To investigate correlates of dentine metal levels, we used a multivariable linear mixed model with the fine-resolution dentine metal values (approximately weekly measurements) as the dependent variable. We examined correlates separately for each developmental period, given the potential for distinct associations in these two different windows. Thus, two sets of models were fit: one for the prenatal period and one for the postnatal period (i.e., weekly measurements from the second trimester until birth as the dependent variable in prenatal models; from birth to 1 year of age in postnatal models). Dentine metal values were right skewed; we log-transformed metal values to reduce the influence of extreme values and to meet the normality of residuals assumption for linear regression. A subject-specific random intercept accounted for within-subject correlation of repeated weekly measures of dentine metal values. All models were adjusted for child sex. Percent difference (%D) in dentine metal value per unit increase in the correlate was calculated by exponentiating the beta coefficient, subtracting 1, and then multiplying by 100 (i.e., (ebeta − 1) × 100)) (Tables 35 and Supplementary Tables 314). In a sensitivity analysis, we computed associations between correlates and tooth levels truncated to postnatal week 20, given the reduced number of sampling points that could be collected from teeth in our sample after 20 weeks post birth (Supplementary Table 14).
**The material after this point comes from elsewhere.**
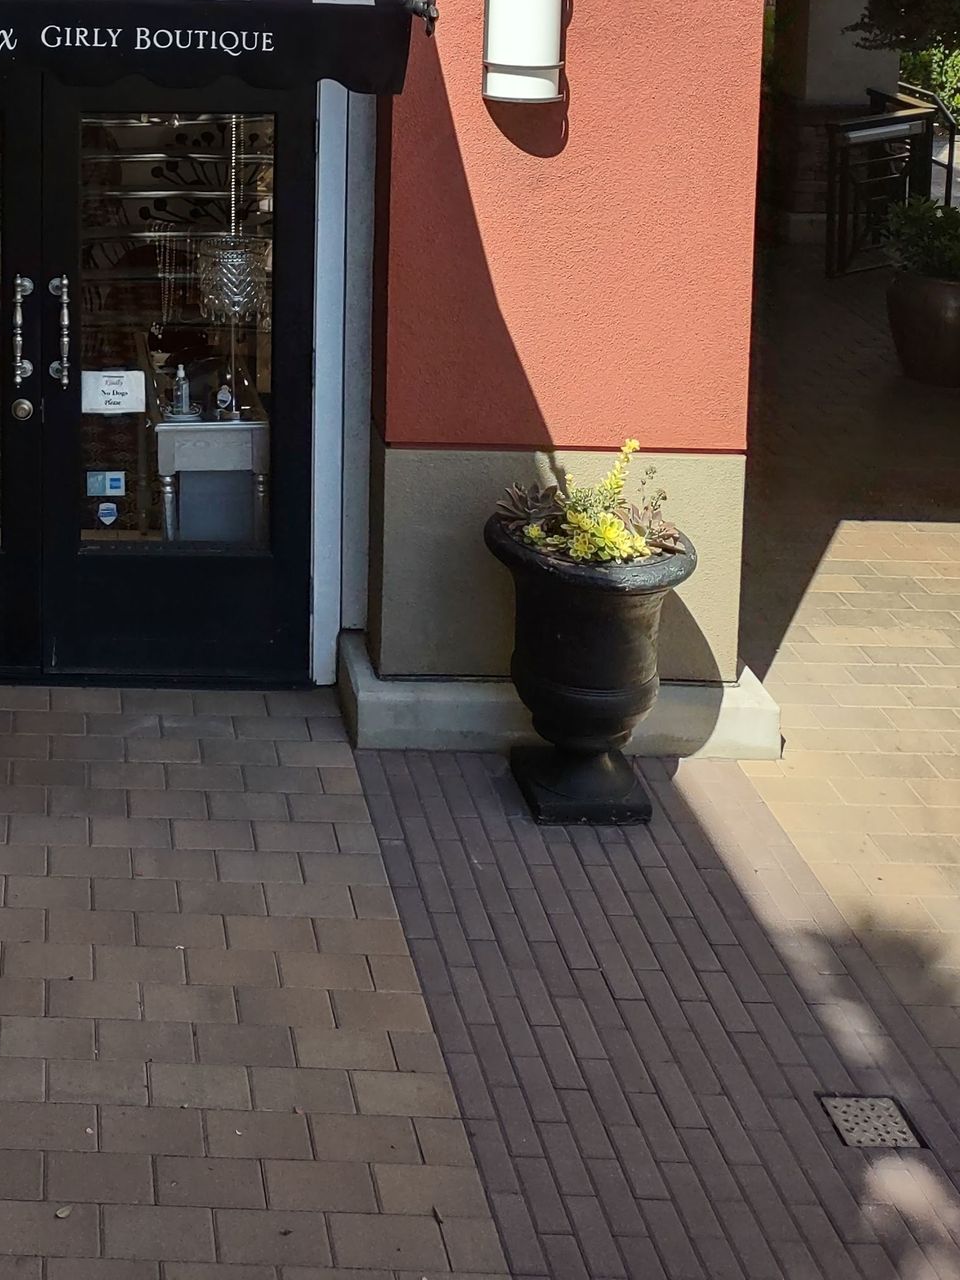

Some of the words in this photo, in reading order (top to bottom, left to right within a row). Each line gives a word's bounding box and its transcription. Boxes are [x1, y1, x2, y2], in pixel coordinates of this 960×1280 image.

Table 3 Correlates of log-transformed prenatal and postnatal dentine Ba levels (as 138Ba:43Ca) from sex-adjusted linear mixed models.
Table 4 Correlates of log-transformed prenatal and postnatal dentine Mn levels (as 55Mn:43Ca) from sex-adjusted linear mixed models.
Table 5 Correlates of log-transformed prenatal and postnatal dentine Pb levels (as 208Pb:43Ca) from sex-adjusted linear mixed models.

All statistical analyses were conducted using R 3.5.2 and SAS 9.4 (SAS Institute Inc.).

Results

Participant characteristics

A total of 28 children with complete questionnaire information and tooth metals data were included in the final analysis. Participating mothers were mostly white (93%) and had lived in the same home in Holliston, MA, since pregnancy (82%) (Table 1). Of the 26 children with siblings, nearly half were first-born (n = 11; 42%). About one-third of children required special services at school (n = 9, 32%), nearly all of whom had an individualized education plan (n = 8). Most mothers resided in homes serviced with water from a public drinking water (groundwater) source during pregnancy (89%) (Table 2). Fifty percent of participants had some type of water filtration system in their homes, including point of use (e.g., sink attachment or pitcher filter) and point of entry (e.g., whole house filter) systems.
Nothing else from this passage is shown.